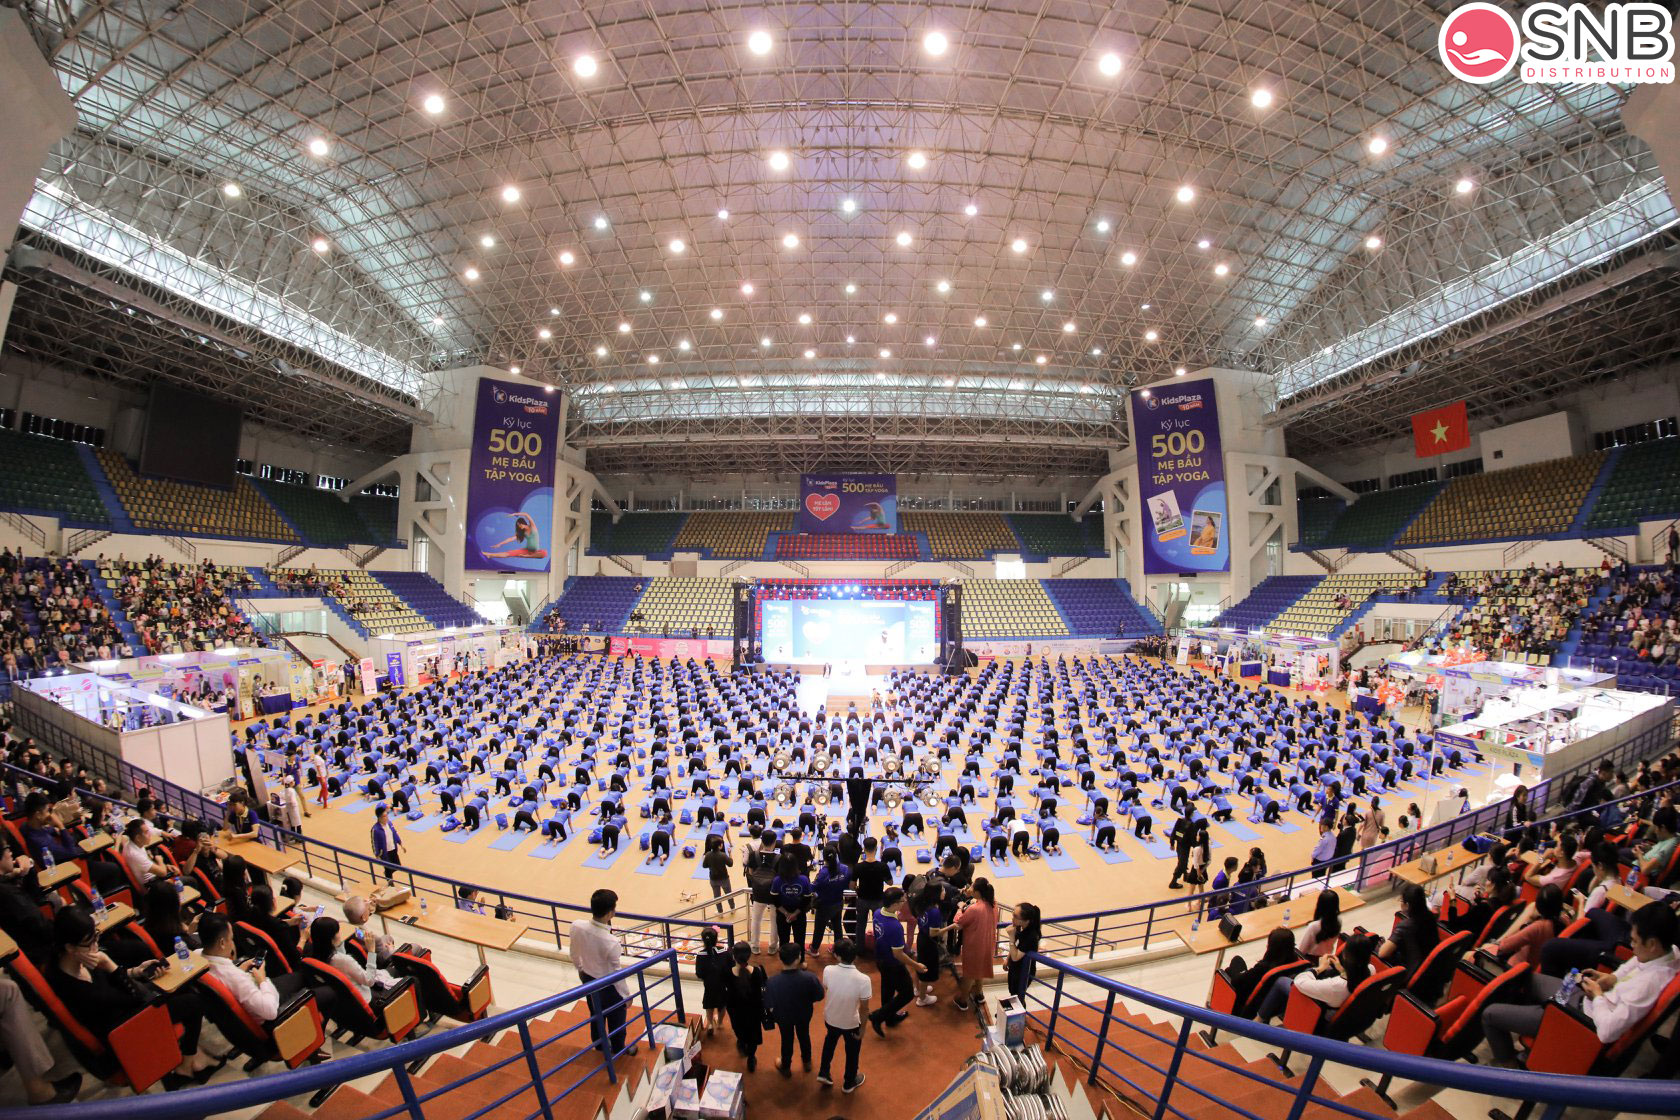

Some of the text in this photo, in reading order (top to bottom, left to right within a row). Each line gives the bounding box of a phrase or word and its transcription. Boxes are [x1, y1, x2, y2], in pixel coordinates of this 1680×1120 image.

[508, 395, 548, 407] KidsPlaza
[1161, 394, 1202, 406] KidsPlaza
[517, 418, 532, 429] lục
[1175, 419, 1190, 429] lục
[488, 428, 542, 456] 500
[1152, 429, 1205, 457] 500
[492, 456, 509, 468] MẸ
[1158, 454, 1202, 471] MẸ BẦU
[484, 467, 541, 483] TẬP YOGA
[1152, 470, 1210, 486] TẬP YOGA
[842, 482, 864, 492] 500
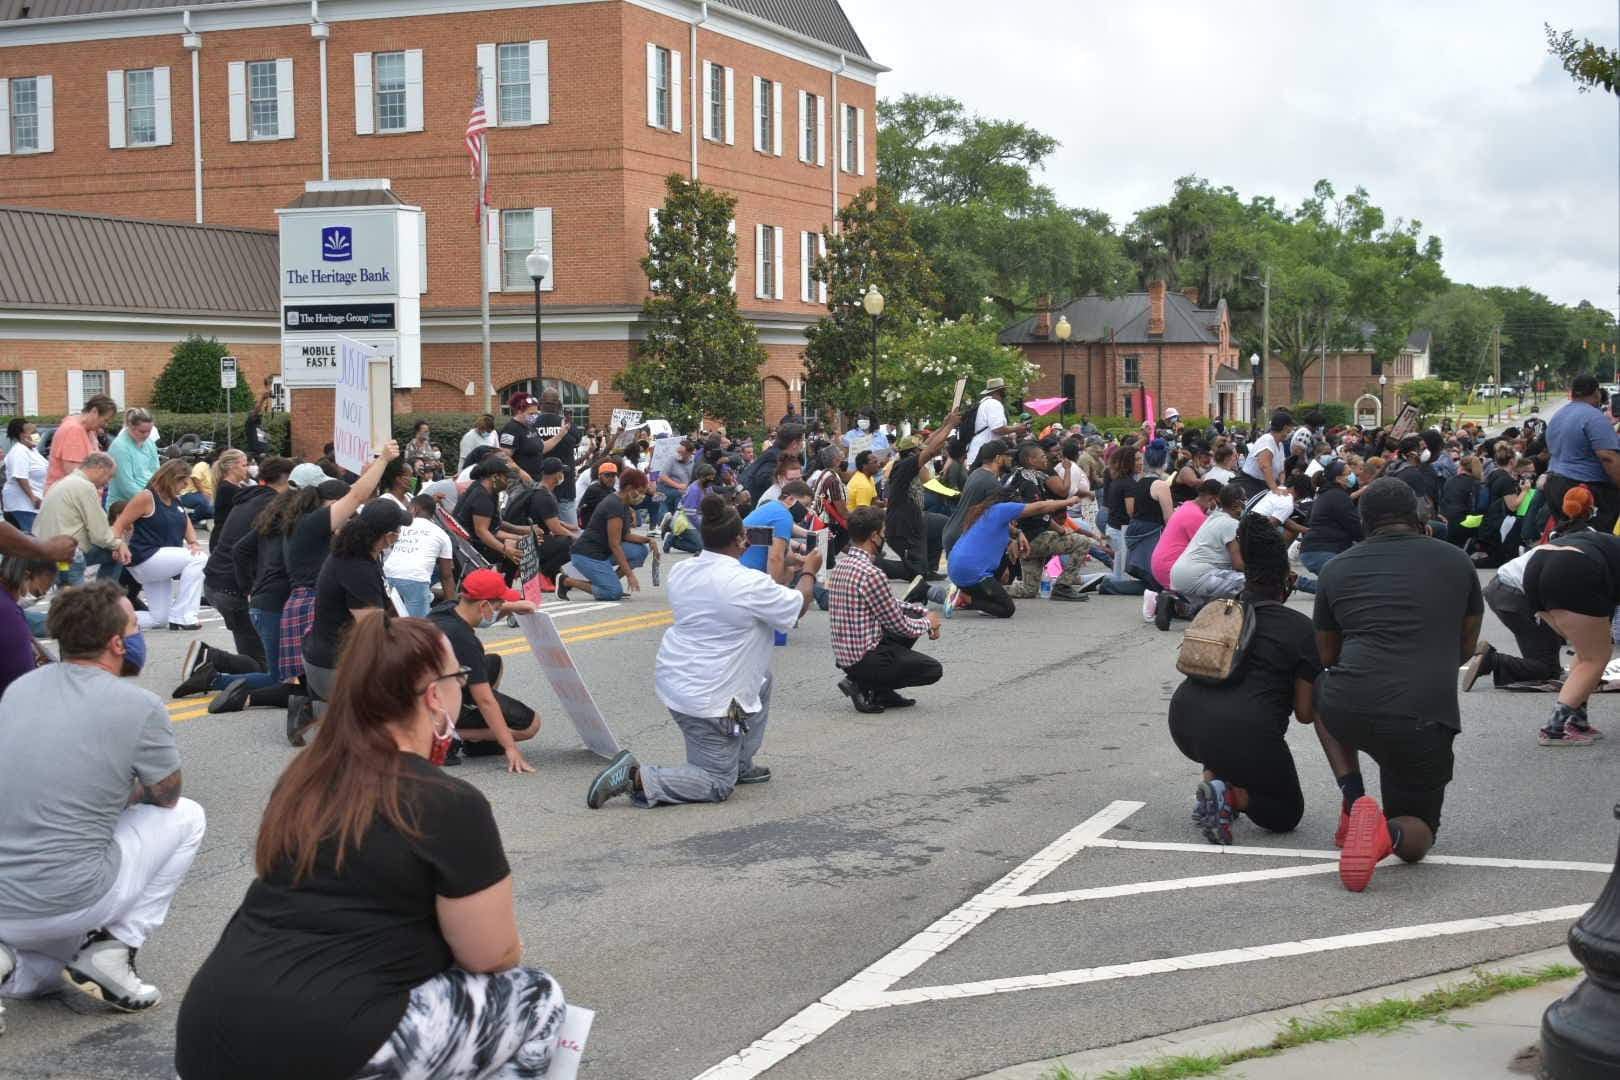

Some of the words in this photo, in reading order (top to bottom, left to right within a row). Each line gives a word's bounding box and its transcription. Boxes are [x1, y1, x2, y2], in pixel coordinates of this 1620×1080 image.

== == ==

All records above must be copied exactly, though the pictures they hold are to be left out.

◆ Output
Some of the text in this photo, in reading order (top to bottom, left to right within a row). Each line gives the bounding box of a phrase or word and its transcription. Boxes are [x1, y1, x2, y2], in pixel coordinates of this 1680×1120 image.

[508, 395, 548, 407] KidsPlaza
[1161, 394, 1202, 406] KidsPlaza
[517, 418, 532, 429] lục
[1175, 419, 1190, 429] lục
[488, 428, 542, 456] 500
[1152, 429, 1205, 457] 500
[492, 456, 509, 468] MẸ
[1158, 454, 1202, 471] MẸ BẦU
[484, 467, 541, 483] TẬP YOGA
[1152, 470, 1210, 486] TẬP YOGA
[842, 482, 864, 492] 500

Some of the words in this photo, in reading order (top to bottom, left to right within a row). Each line gives a word's bounding box and its transcription. Boxes are [x1, y1, x2, y2], in pixel coordinates of this 1620×1080 image.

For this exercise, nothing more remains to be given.